____ PROVIDED DATA
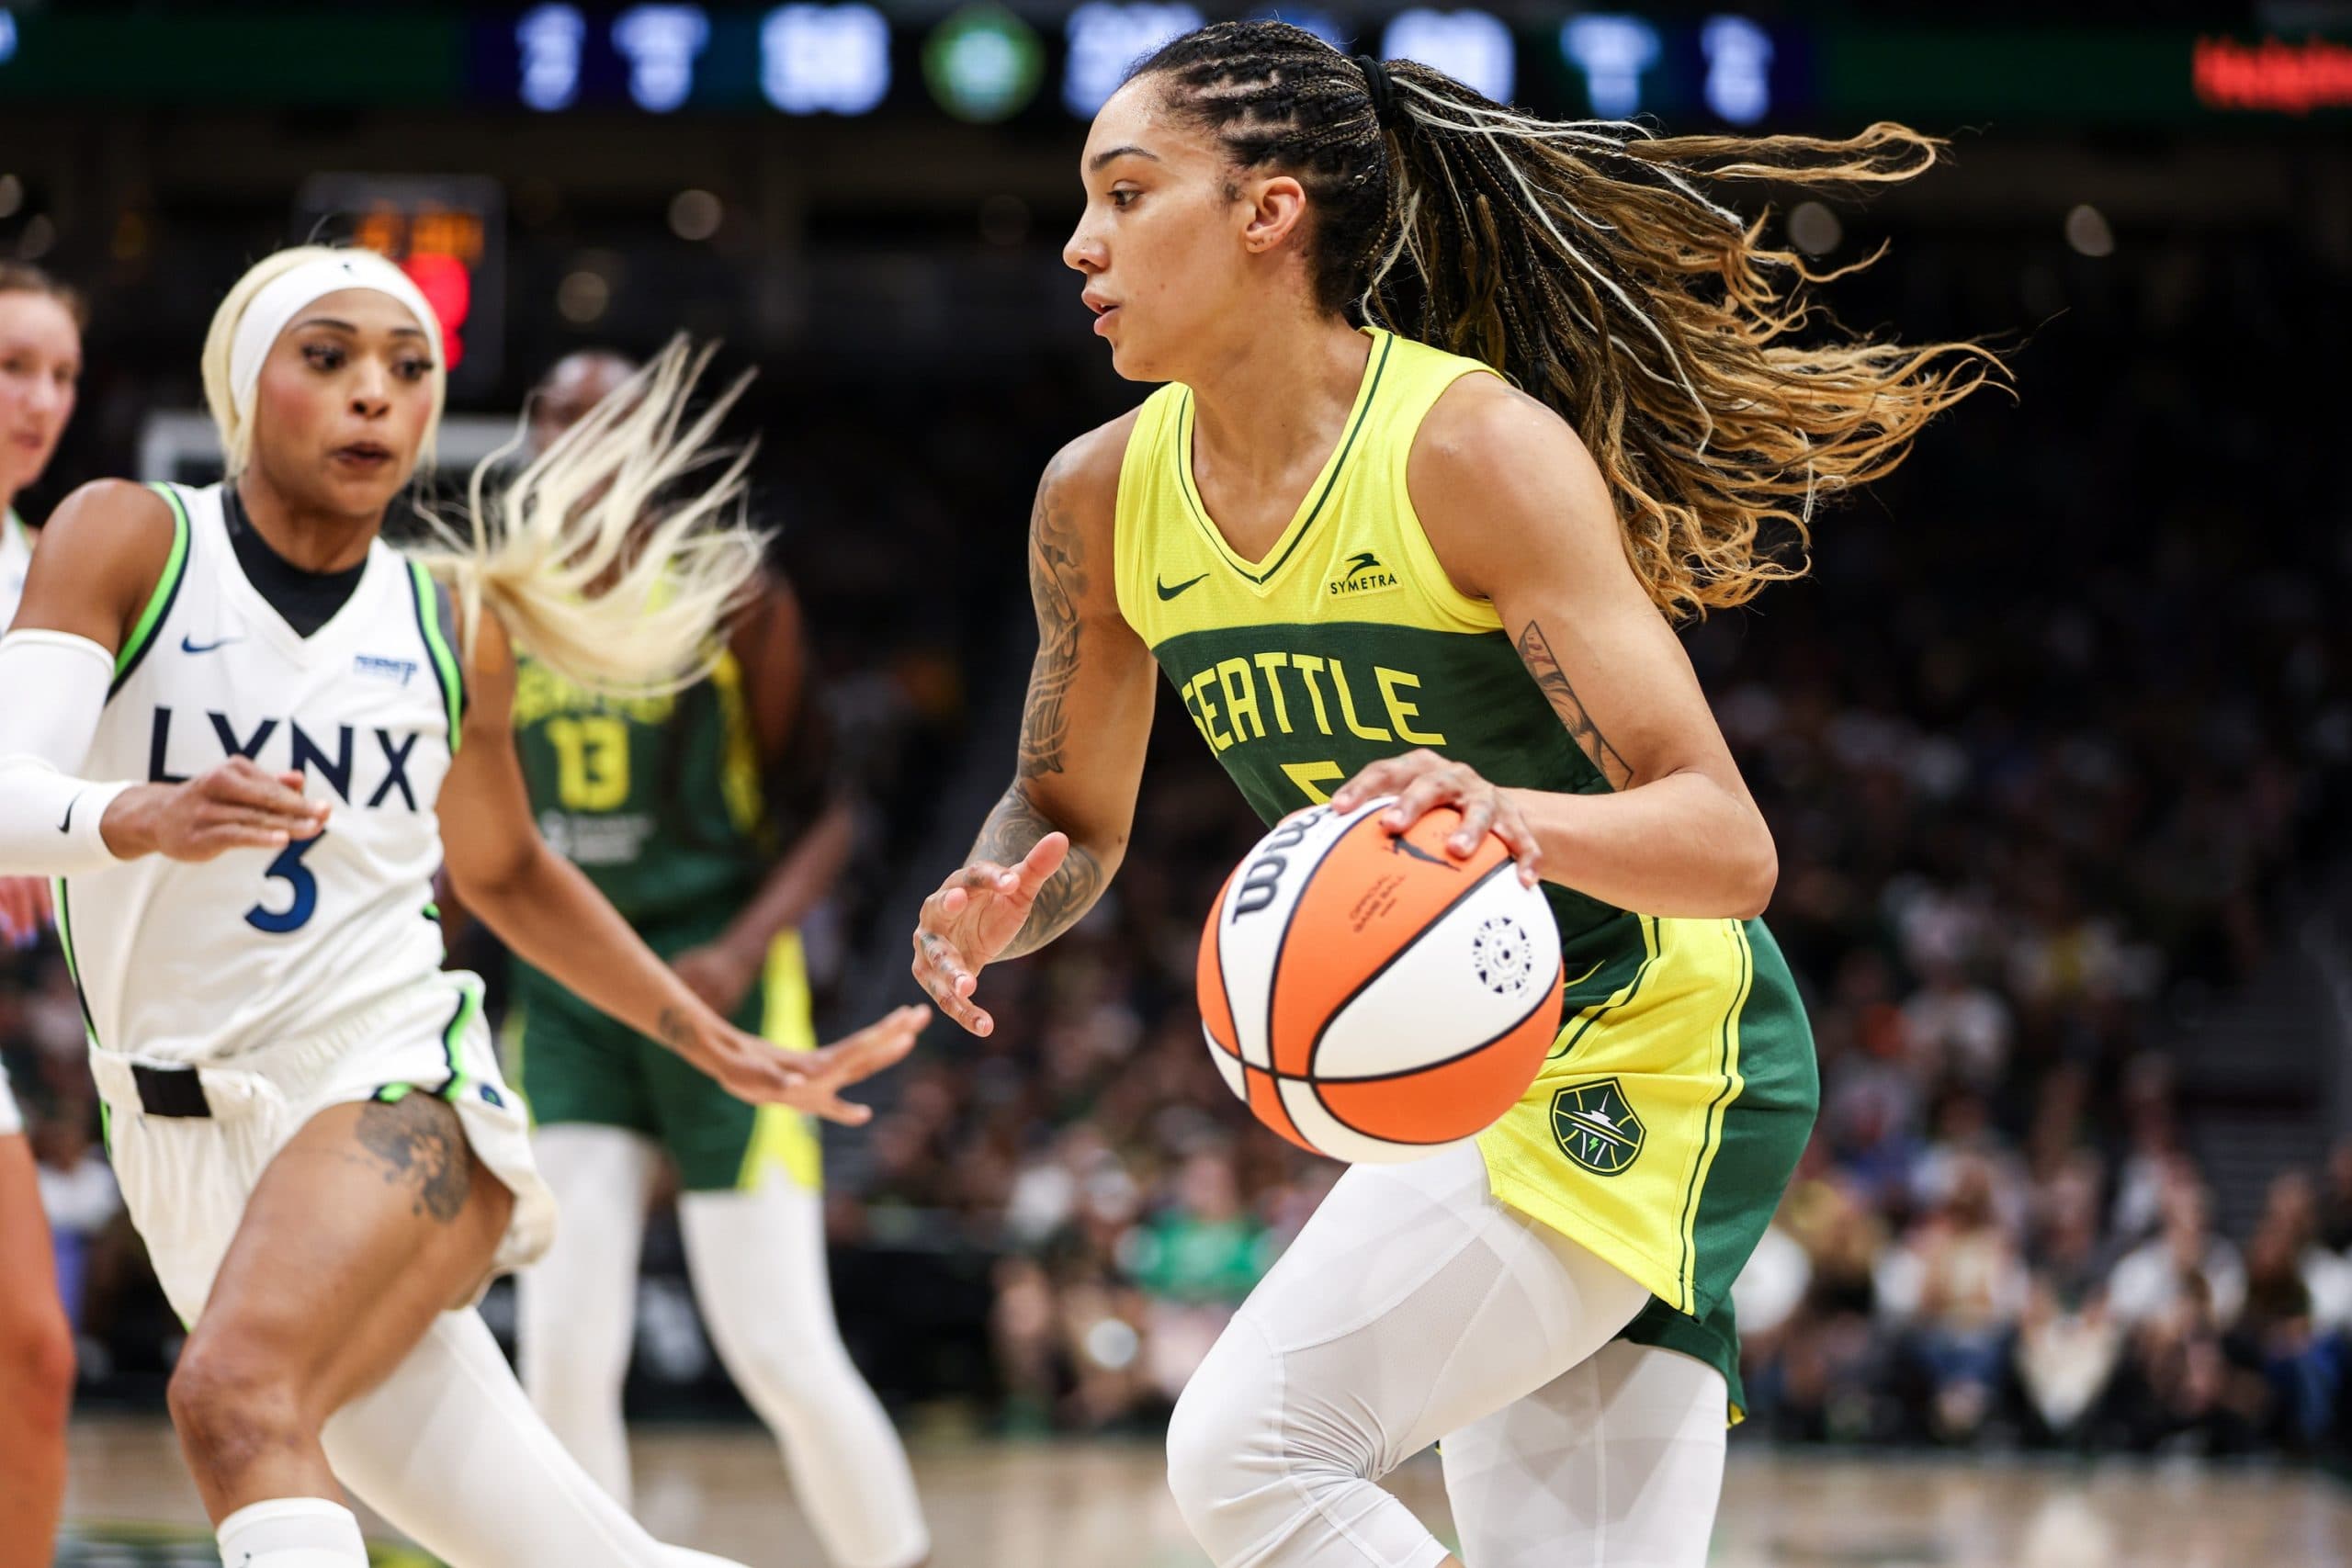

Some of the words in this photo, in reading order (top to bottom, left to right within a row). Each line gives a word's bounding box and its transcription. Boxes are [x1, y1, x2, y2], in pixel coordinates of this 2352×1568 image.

[1330, 573, 1397, 595] SYMETRA
[148, 705, 420, 812] LYNX
[547, 716, 630, 810] 13
[243, 829, 318, 933] 3
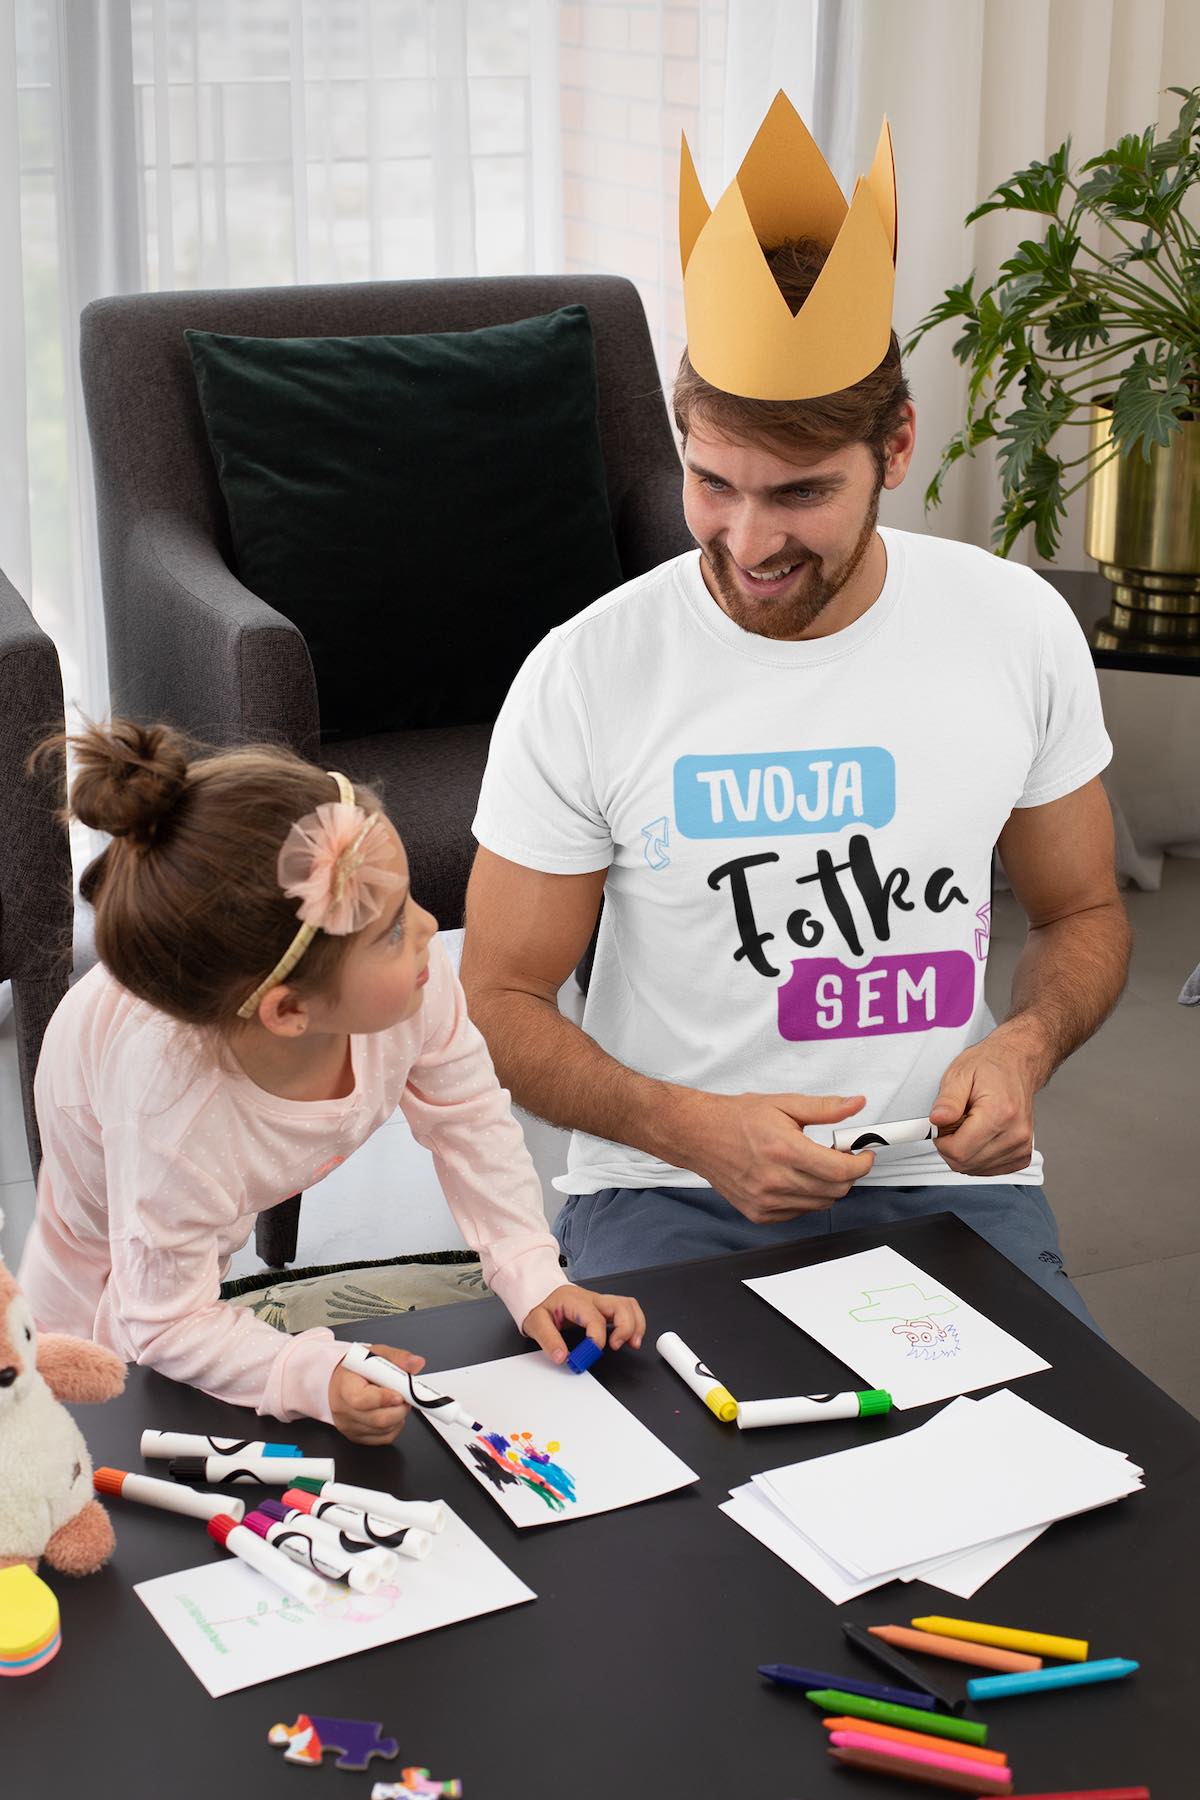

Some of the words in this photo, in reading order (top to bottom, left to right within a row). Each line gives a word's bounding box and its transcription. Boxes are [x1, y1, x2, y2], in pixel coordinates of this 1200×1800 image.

[696, 760, 864, 824] TVOJA
[706, 834, 969, 977] Fotka
[814, 965, 937, 1030] SEM
________
DIRECTIONS FOR THIS TASK
Up to and including the final line of the data above, please copy every line exactly, starting from the one that contains "this 1200×1800 image.".

PROBLEM SOLUTION
Some of the words in this photo, in reading order (top to bottom, left to right within a row). Each line gives a word's bounding box and its transcription. Boxes are [x1, y1, x2, y2], in pixel coordinates of this 1200×1800 image.

[696, 760, 864, 824] TVOJA
[706, 834, 969, 977] Fotka
[814, 965, 937, 1030] SEM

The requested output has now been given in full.